A Prepared Statement can also work on the level of one person addressing another. William Carlos Williams’ famous poem “This Is Just To Say”: “I have eaten / the plums / that were in / the icebox // and which / you were probably / saving / for breakfast // Forgive me / so sweet / and so cold”. . . might in today’s context be considered a kind of Prepared Statement. The poem was written on a piece of paper and left as a real note for his wife, Flossie Williams. It was composed for the purpose of conveying a simple idea, but it became something more, broken into lines, contextualized as a poem by the author of several books of poetry. It spilled outside of its original purpose. Indeed, it’s now an Internet meme that translates seamlessly into “sorry not sorry.”

So what came to be most interesting for me was that a poem could present initially as such a conveyance of a simple idea, but then transgress those bounds. This, to me, is where the poetry happens, in that excess of other, less useful information. This transformation might happen via out-of-context ideas, or juxtaposition that opens new vistas in the writing.

We have a lot more interfaces through which we can make a poem now than Williams did, and I don’t know whether or not that’s inherently good or bad, but it’s definitely a thing. For example, you will also find the following definition of a Prepared Statement: In database management systems (DBMS), a prepared statement or parameterized statement is “a feature used to execute the same or similar database statements repeatedly with high efficiency.” For me, this definition speaks to the prevalence of algorithms and other automatic processes that interlope on our lives, and indeed, enter our writing. We’re only just beginning to understand how word processing and its preset templates for composition, compounded by connectivity, affect poetry and other language-informed arts.

This prompt is not intended to help you manage some public relations snafu. Rather, this prompt asks you to consider ways that the functionality of the Prepared Statement might become something else—how such a statement can actually transform into a kind of associative writing template, in which you add language or “content” from wherever, freighted with the added pathos of addressing a presumed audience.

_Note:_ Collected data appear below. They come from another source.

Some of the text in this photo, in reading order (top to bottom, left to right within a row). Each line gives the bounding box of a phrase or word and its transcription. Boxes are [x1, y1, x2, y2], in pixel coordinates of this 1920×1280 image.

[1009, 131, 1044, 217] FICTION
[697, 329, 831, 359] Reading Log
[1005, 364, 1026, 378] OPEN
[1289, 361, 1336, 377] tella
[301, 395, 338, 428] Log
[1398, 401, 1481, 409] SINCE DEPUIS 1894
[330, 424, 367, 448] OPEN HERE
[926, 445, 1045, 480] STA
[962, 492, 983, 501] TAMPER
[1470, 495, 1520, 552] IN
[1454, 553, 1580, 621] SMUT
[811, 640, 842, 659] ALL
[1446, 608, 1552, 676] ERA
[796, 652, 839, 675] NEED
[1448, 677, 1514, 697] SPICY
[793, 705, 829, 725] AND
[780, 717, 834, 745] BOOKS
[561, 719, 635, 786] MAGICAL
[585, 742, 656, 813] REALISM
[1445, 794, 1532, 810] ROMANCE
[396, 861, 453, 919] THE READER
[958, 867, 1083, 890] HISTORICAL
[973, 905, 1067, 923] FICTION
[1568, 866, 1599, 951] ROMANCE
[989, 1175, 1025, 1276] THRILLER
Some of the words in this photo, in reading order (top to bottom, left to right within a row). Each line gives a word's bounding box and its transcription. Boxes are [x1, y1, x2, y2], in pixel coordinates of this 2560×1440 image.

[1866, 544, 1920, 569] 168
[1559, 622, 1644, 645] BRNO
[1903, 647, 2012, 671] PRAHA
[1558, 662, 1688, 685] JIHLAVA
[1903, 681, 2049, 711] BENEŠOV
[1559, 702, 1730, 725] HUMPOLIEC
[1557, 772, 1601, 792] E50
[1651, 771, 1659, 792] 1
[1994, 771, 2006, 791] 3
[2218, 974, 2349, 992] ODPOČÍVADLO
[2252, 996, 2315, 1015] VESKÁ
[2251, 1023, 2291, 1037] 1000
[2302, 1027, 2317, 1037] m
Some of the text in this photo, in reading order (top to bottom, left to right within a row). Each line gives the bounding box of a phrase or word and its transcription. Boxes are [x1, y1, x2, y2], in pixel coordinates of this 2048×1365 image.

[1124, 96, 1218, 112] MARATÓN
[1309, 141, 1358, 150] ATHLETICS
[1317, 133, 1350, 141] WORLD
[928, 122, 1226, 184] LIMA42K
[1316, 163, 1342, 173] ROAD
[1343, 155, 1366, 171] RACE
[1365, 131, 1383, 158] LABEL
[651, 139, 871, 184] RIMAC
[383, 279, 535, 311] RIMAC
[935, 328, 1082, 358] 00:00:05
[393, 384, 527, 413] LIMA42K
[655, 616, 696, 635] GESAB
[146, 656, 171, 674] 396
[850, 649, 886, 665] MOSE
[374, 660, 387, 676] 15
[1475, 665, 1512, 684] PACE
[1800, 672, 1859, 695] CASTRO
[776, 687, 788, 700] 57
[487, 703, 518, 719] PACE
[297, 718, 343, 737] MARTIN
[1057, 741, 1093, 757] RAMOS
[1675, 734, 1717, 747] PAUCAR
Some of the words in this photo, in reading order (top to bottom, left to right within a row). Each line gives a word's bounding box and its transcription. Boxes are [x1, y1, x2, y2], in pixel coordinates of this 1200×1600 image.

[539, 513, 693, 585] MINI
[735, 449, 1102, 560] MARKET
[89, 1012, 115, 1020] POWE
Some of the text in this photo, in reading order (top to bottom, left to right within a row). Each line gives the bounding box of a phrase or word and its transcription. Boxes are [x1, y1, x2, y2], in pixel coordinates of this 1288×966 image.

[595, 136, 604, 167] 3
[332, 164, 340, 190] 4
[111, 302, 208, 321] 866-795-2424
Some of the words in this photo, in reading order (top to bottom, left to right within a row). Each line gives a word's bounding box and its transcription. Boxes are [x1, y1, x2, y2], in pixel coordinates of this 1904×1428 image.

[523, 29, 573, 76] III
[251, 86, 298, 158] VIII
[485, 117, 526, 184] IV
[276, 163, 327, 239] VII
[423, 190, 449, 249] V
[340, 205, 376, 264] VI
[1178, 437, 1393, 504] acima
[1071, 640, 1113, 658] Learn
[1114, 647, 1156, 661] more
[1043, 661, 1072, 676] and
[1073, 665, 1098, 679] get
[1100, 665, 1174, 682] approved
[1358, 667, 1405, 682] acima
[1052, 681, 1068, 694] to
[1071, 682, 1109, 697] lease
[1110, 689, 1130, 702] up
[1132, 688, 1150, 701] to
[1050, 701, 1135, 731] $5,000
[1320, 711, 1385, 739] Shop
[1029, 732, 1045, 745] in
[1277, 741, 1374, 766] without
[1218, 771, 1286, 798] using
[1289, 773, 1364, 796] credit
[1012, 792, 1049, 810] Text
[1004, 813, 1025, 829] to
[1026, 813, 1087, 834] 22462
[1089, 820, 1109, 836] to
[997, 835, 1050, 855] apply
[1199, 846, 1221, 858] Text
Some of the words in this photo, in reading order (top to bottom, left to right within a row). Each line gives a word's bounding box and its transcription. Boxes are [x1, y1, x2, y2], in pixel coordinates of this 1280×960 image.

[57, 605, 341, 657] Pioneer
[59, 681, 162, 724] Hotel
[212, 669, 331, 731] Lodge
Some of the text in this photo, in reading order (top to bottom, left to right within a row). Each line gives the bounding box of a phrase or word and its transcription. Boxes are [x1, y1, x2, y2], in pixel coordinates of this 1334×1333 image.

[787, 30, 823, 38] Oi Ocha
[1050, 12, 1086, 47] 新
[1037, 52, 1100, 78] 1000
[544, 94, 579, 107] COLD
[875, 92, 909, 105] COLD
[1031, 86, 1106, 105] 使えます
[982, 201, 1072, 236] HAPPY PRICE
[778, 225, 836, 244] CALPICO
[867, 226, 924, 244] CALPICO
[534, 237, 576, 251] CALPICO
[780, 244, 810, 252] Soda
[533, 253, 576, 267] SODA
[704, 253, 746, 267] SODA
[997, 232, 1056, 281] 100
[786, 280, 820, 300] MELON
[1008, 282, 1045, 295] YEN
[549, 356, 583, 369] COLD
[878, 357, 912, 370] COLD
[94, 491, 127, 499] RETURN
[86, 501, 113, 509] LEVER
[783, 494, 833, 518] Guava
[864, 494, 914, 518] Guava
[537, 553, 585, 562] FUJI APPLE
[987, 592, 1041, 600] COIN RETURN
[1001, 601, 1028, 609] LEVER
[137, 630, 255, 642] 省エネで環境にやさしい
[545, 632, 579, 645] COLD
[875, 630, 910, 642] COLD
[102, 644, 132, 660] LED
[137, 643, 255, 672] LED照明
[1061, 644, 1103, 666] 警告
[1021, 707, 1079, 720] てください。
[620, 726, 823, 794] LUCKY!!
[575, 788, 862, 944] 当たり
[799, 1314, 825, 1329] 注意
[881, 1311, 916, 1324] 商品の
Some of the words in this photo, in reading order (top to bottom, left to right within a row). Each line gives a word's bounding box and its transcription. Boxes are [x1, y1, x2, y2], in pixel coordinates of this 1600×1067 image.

Step 1: Locate a Prepared Statement and examine its rhetorical composition. Who is the intended audience for this statement, and what is the statement’s main purpose? What other objectives, overt or underlying, do you recognize? Look closely at each phrase and sentence, noticing how the language builds and works together to try to achieve the statement’s objective(s). Notice any repetitions and any turning points. Make a chart if it’s helpful. Underline or write down any phrases that sound “official” and any other language scraps of note. A sure way to find a Prepared Statement is by googling “prepared statement” and going to the News heading. You will find the definition of Prepared Statement that applies to code-writing under the All heading, and this might be useful too, an added layer having to do with the statement’s functionality as well as rhetoric and social context. But first it’s good to get the general context, and you will find that there are a lot of carefully crafted Prepared Statements in the News.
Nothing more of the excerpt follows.